The new president of the Israel Academy of Sciences and Humanities has an agenda for promoting women, bringing back emigrant researchers and engaging the general public.

Nili Cohen (photo credit: JUDY SIEGEL-ITZKOVICH)
Nili Cohen
(photo credit: JUDY SIEGEL-ITZKOVICH)
A major aim of Prof. Nili Cohen, the new president of the Israel Academy of Sciences and the Humanities, is to make science more accessible to the general public. She is determined to achieve this, especially regarding young people and to attract women, who are still underrepresented in these fields.
But even if she were to try, she couldn’t move American Jewish artist Robert Berks’s bronze statue of an avuncular Albert Einstein – sitting casually on steps in the academy’s inner courtyard – to the front of the building for the general public to enjoy.
Almost two decades ago, ultra-Orthodox Jerusalem city council members insisted that it can’t be installed outside because of the biblical commandment prohibiting graven images. The same statue, three times the size, stands next to the National Academy of Sciences in Washington, D.C., which has no such limitations.
This is a great loss, as children would surely flock to the sculpture, want to sit in Einstein’s bronze lap, put their arm around the sweater he’s wearing to pose for a photograph and ask their parents about the great physicist and what he accomplished.
A prominent jurist and former rector of Tel Aviv University, Cohen was thrilled to be elected the 10th president of the academy and take office in September 2015. She became only the second woman to reach that post when she succeeded Prof.
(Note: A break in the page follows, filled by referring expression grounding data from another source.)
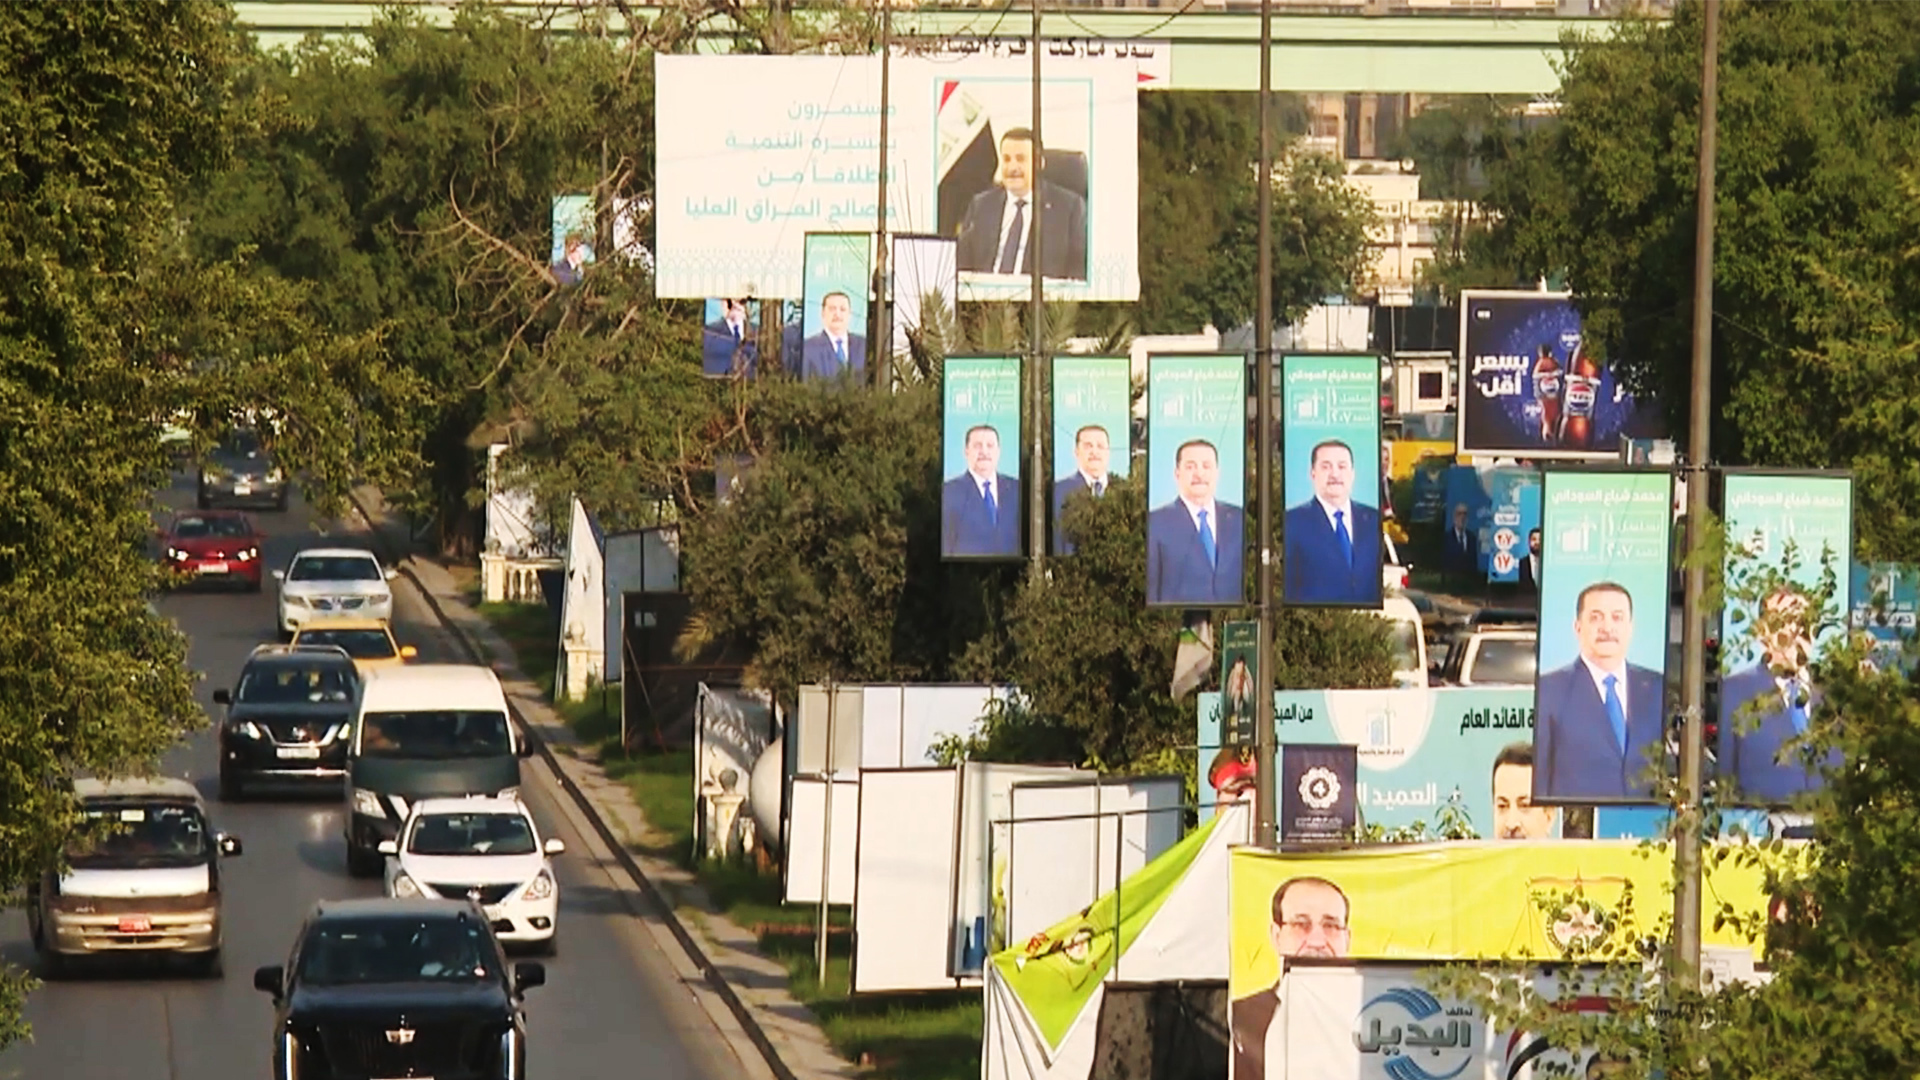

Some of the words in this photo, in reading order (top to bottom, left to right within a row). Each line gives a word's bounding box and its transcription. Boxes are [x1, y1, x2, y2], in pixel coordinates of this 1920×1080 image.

[725, 131, 803, 150] التنمية
[812, 134, 897, 154] بسيرة
[757, 166, 804, 187] من
[686, 196, 738, 220] العليا
[745, 198, 821, 223] العراق
[1472, 354, 1529, 376] بسعر
[1481, 369, 1522, 398] أقل
[1552, 489, 1603, 505] السوداني
[1603, 488, 1631, 507] شياع
[1631, 490, 1664, 502] محمد
[1274, 703, 1297, 725] الميد
[1298, 706, 1313, 723] من
[1460, 707, 1490, 736] العام
[1493, 707, 1525, 728] القائد
[1373, 781, 1437, 811] العميد
[1352, 1018, 1471, 1056] البديل
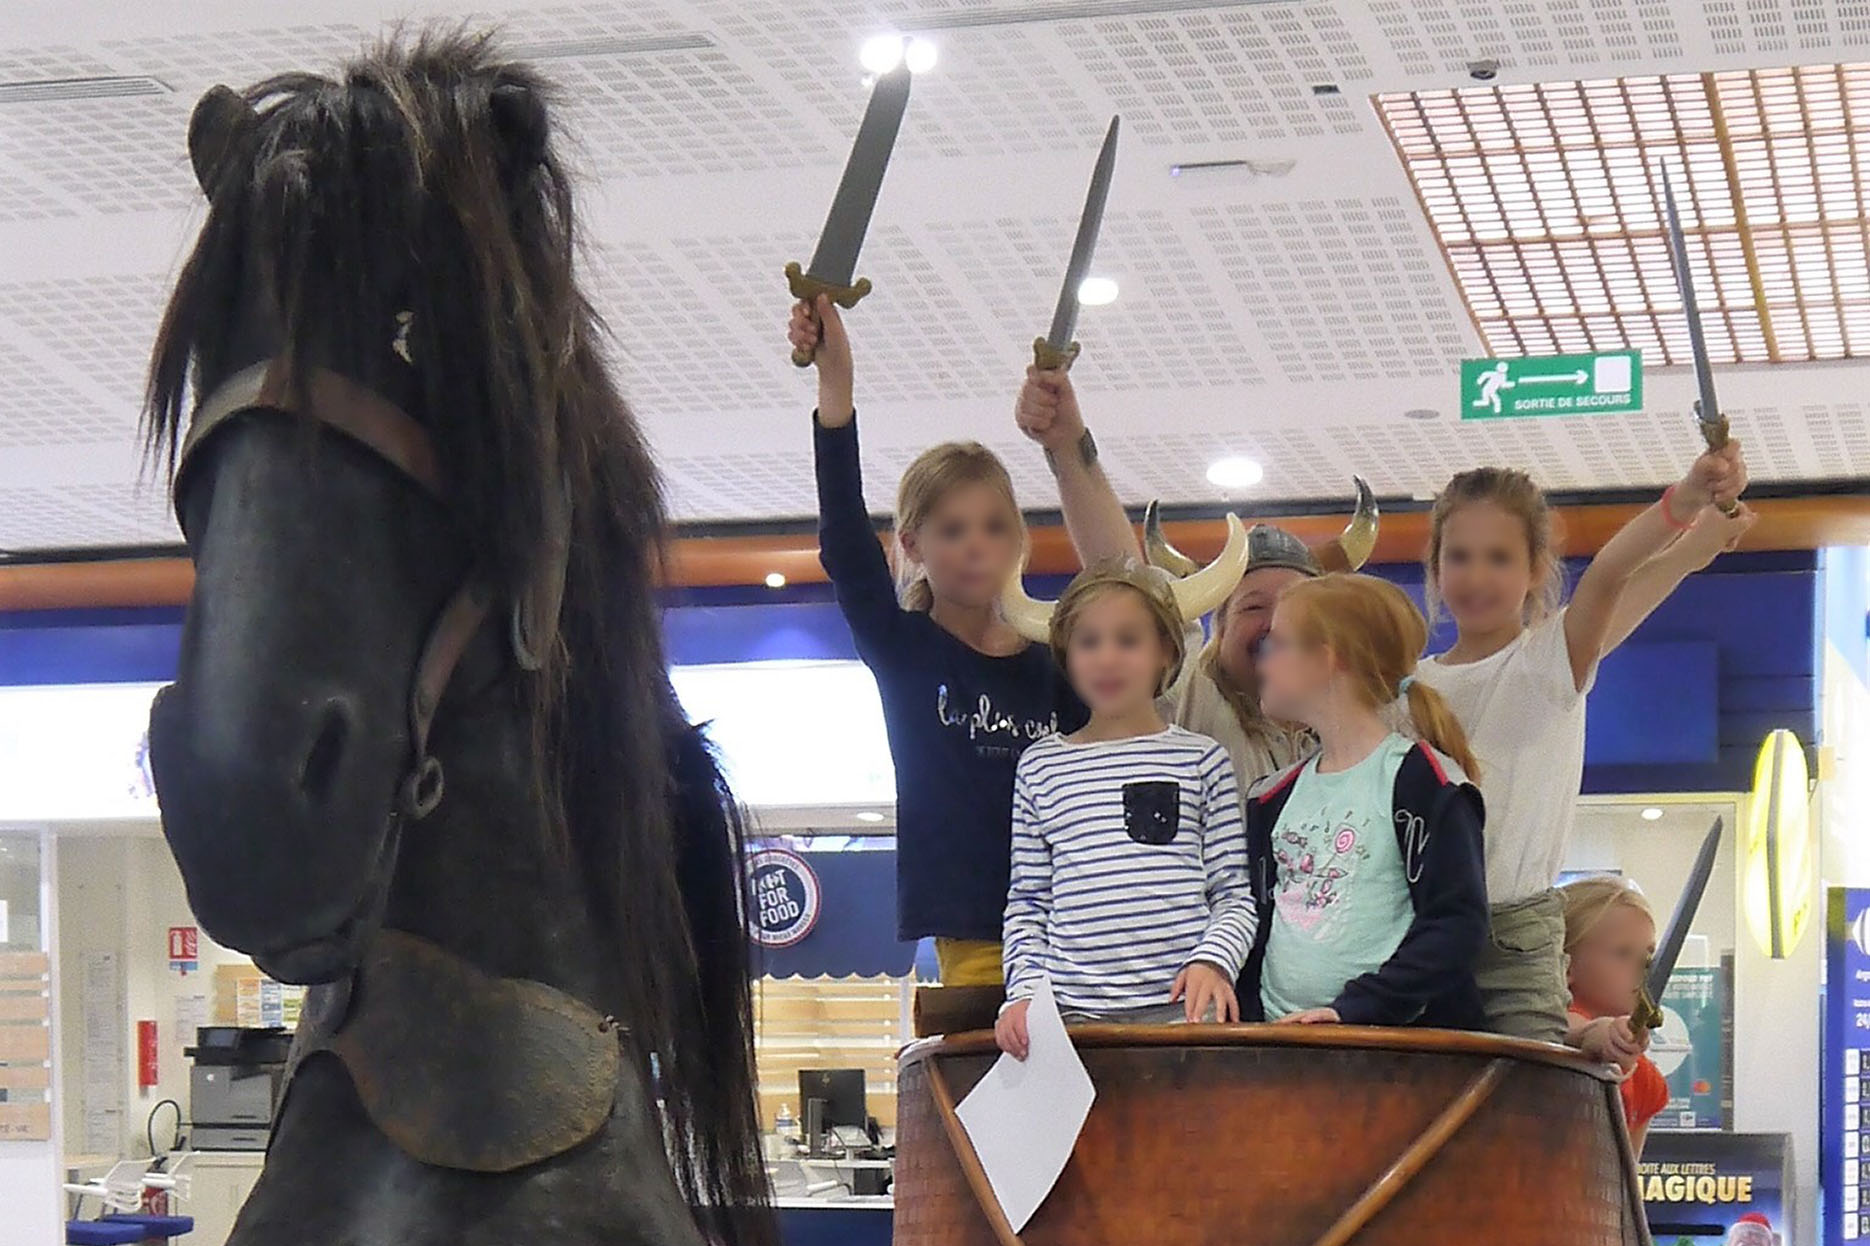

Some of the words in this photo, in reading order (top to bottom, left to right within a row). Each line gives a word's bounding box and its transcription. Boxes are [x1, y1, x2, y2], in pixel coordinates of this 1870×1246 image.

[1514, 399, 1555, 410] SORTIE
[1558, 397, 1572, 407] DE
[1576, 393, 1631, 407] SECOURS
[758, 887, 789, 910] FOR
[760, 901, 800, 928] FOOD
[1660, 1163, 1679, 1175] AUX
Ruth Arnon, the energetic Weizmann Institute of Science biochemist, immunologist and co-discoverer of the multiple sclerosis drug Copaxone.
“Ruthie is my role model,” said Cohen in an interview in her office with The Jerusalem Post. “Brilliant but modest, she paved the way for me,” said the new academy president.
WHAT DOES the academy do? Many Israelis who pass by the building adjacent to the Council for Higher Education, the Van Leer Jerusalem Institute and the President’s Residence haven’t a clue it’s there or what it does. When they do hear, they would naturally regard it as an ivory-tower institution.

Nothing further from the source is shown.